L'ancien Premier ministre devait se rendre rue de Varenne avec les vice-présidents de son groupe parlementaire, ainsi qu'Élisabeth Borne et Gérald Darmanin au nom des sensibilités de gauche et de droite de l'ex-majorité.

Si la réunion a été officiellement décalée pour des raisons d'agenda, M. Barnier a livré une déclaration à l'AFP dans laquelle il souligne qu'il «découvre» une «situation budgétaire très grave».

«Cette situation mérite mieux que des petites phrases. Elle exige de la responsabilité», a-t-il insisté en se disant «très concentré sur la constitution prochaine d’un gouvernement d'équilibre» pour «traiter avec méthode et sérieux les défis» du pays.
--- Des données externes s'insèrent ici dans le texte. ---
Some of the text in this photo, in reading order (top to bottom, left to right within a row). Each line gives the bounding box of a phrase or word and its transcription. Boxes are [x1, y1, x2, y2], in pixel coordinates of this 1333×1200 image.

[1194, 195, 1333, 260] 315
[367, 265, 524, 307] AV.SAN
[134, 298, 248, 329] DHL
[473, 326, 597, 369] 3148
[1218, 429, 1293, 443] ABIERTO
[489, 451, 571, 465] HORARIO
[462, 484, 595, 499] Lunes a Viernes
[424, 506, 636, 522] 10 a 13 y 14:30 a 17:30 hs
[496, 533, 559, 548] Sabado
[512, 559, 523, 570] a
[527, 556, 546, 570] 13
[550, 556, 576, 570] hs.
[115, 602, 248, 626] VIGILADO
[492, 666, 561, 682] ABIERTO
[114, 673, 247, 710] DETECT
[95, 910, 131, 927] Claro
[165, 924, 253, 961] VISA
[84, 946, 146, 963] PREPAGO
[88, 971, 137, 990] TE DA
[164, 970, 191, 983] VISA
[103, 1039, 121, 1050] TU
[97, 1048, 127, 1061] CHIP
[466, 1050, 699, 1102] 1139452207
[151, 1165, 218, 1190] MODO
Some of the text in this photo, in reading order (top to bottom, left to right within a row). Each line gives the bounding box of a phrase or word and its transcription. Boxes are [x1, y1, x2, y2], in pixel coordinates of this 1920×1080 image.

Une sortie qui semble viser les propos de figures de l'ex-majorité ces derniers jours.

Clarifications demandées

Dans un message mardi soir auprès de ses députés pour justifier cette demande urgente de rendez-vous à Matignon, Gabriel Attal déplorait «ne pas avoir encore une visibilité claire sur la ligne politique - notamment sur d’éventuelles hausses d’impôts - et sur les grands équilibres gouvernementaux», autrement dit la place réservée au camp présidentiel par rapport à LR.
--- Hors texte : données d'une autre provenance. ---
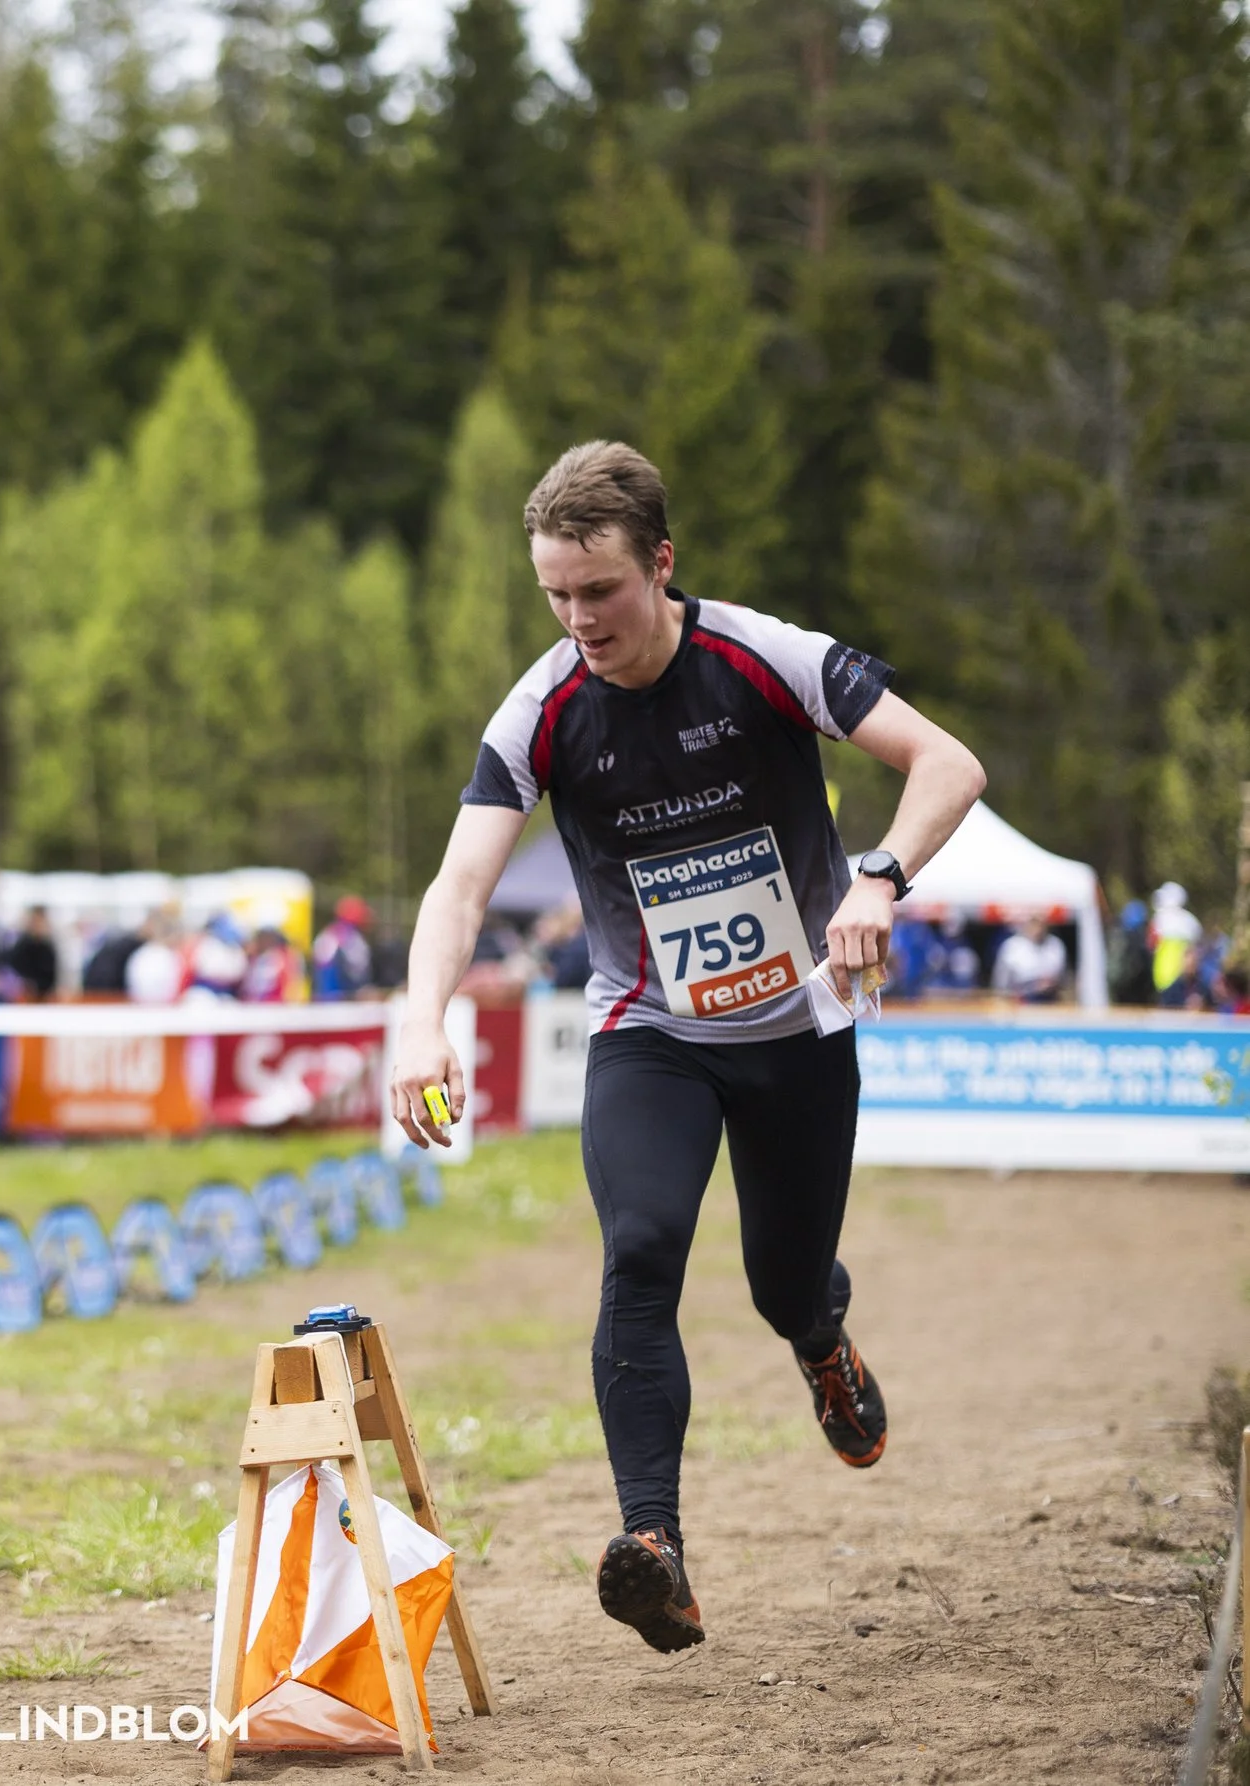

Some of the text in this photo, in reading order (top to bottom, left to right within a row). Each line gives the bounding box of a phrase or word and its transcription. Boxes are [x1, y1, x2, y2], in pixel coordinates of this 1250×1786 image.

[616, 781, 743, 826] ATTUNDA
[635, 839, 772, 889] bagheera
[668, 870, 753, 900] SM STAFETT 2025
[766, 878, 782, 903] 1
[659, 913, 766, 983] 759
[701, 964, 788, 1012] renta
Le nouveau Premier ministre aurait évoqué auprès de plusieurs interlocuteurs une hausse des prélèvements, au nom d'une situation budgétaire particulièrement difficile, avec un déficit public qui pourrait se creuser à 5,6% du PIB cette année.

Son entourage a démenti mardi, affirmant qu'il ne s'agit que «de pures spéculations» et renvoyé à sa première interview télévisée dans laquelle il avait évoqué «la justice fiscale» sans davantage de précisions.

Il est «hors de question» d'"entrer" dans un gouvernement qui augmente les impôts ou même de le «soutenir», a réagi mercredi Gérald Darmanin, taclant au passage le gouverneur de la Banque de France, François Villeroy de Galhau, qui a suggéré «un effort» fiscal «exceptionnel et raisonnable sur certaines grandes entreprises et gros contribuables».

La hausse des impôts est une «ligne rouge»

Contrairement au gouverneur, dont le nom est parfois cité pour Bercy, «je me suis engagé devant mes électeurs à ne pas augmenter les impôts», a affirmé M. Darmanin.

La hausse des impôts «pour les Français» est aussi une «ligne rouge» pour la participation des LR au gouvernement, même si ceux-ci ont salué mercredi la «réflexion» du Premier ministre sur «plus de justice fiscale».

Dans sa déclaration à l'AFP, M. Barnier semble vouloir cependant rassurer la droite et les macronistes en rappelant que «nous sommes déjà le pays où la charge des impôts est la plus forte».

Trop de place pour LR

Plus généralement, les macronistes sont agacés de ne pas connaitre les orientations de Michel Barnier, notamment sur des sujets potentiellement clivants comme l'immigration.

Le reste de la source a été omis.